Don't be sorry - Thanks for posting!

I have troubles like this sometimes; I'm scared to death of the nursing program and sometimes I get like the whole anxiety chest tightness just thinking about it. I was a nervous wreck when I was working toward my CNA certification; I was at a dark place in life and I didn't have any confidence. I realized that my biggest obstacle in life wasn't my anxiety, it was me.

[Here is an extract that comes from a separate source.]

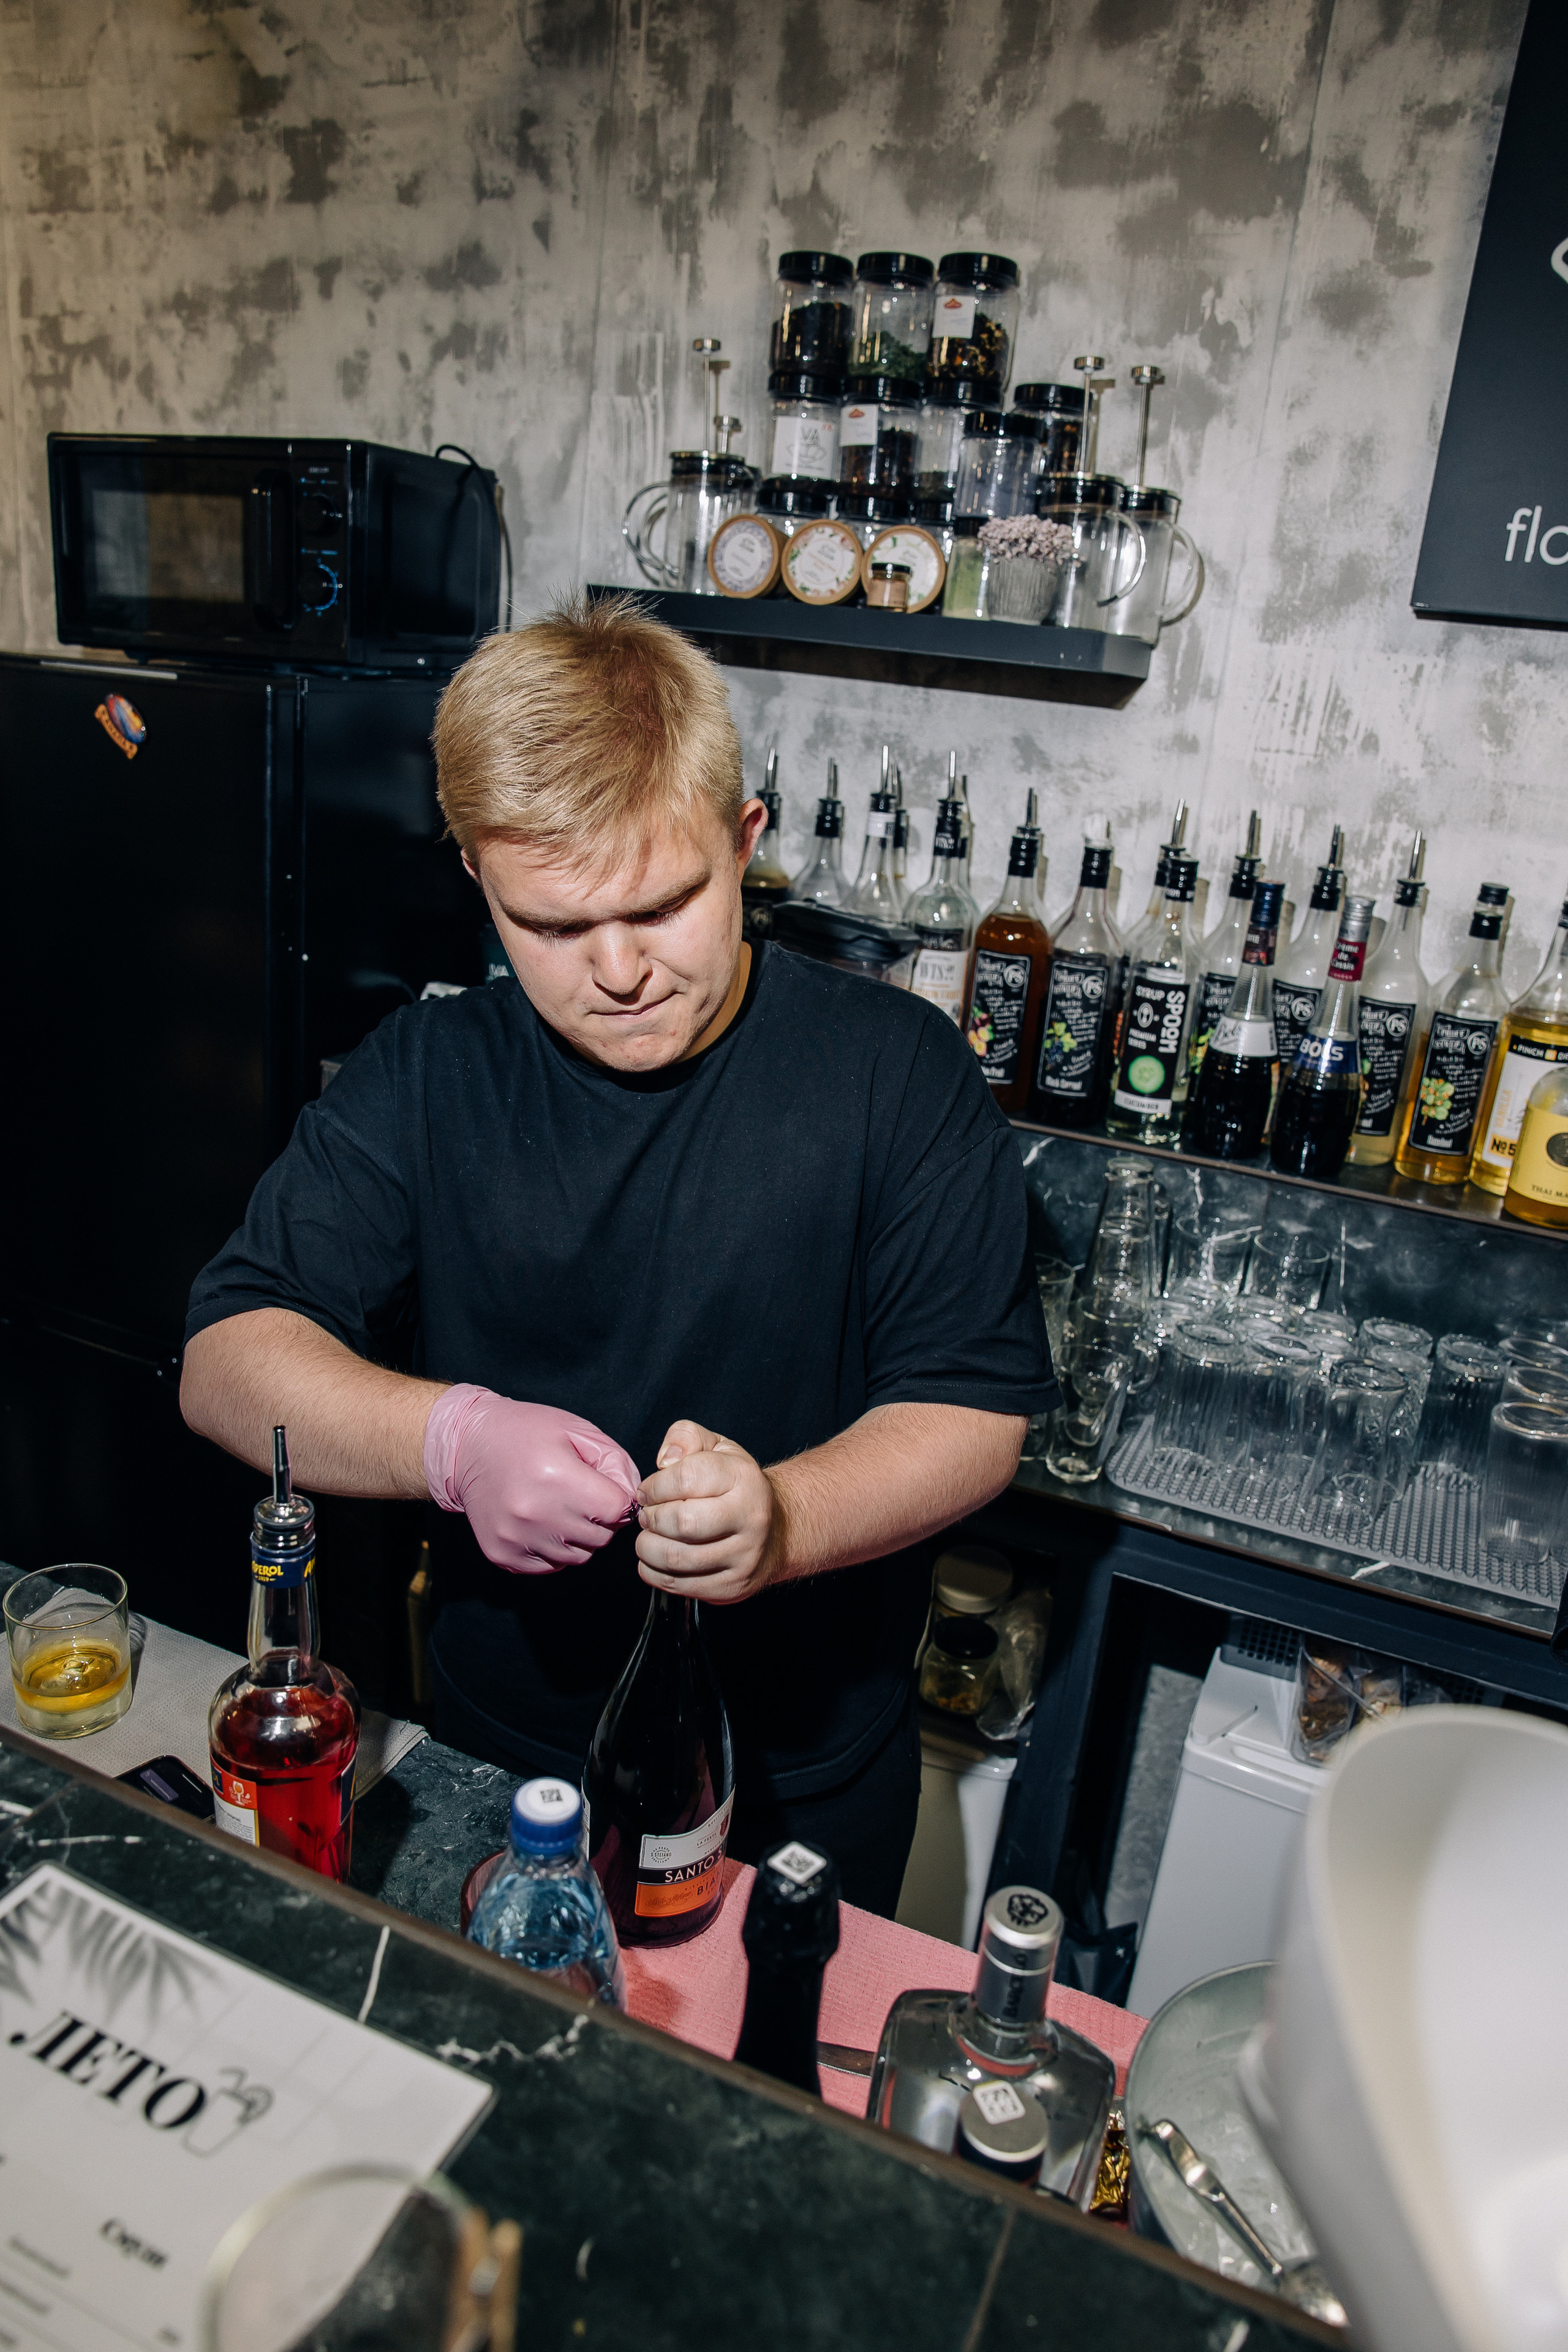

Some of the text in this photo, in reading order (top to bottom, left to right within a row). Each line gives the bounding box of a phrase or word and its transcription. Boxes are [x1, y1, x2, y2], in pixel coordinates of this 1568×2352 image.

I still constantly have to remind myself that I can do this - I have a 4.0 and I'll be applying to the nursing program in May so I can hopefully start in the spring - I have to remind myself that I'm not stupid and worthless. I learned quickly as a CNA that people smell fear (staff and patients alike); fake your confidence til you make it, but ultimately it's like jumping in a tub of ice water~ The initial shock will kinda suck, it might even hurt a bit but you're still going to be alright at the end and maybe even a bit stronger for it.

Thank you for responding that's really helpful

My best advice is to stop listening to people, and stop reading posts on this website that claim "nursing school is the hardest thing in the world". It is NOT that bad. Prioritization and time management are key. Believe in YOURSELF.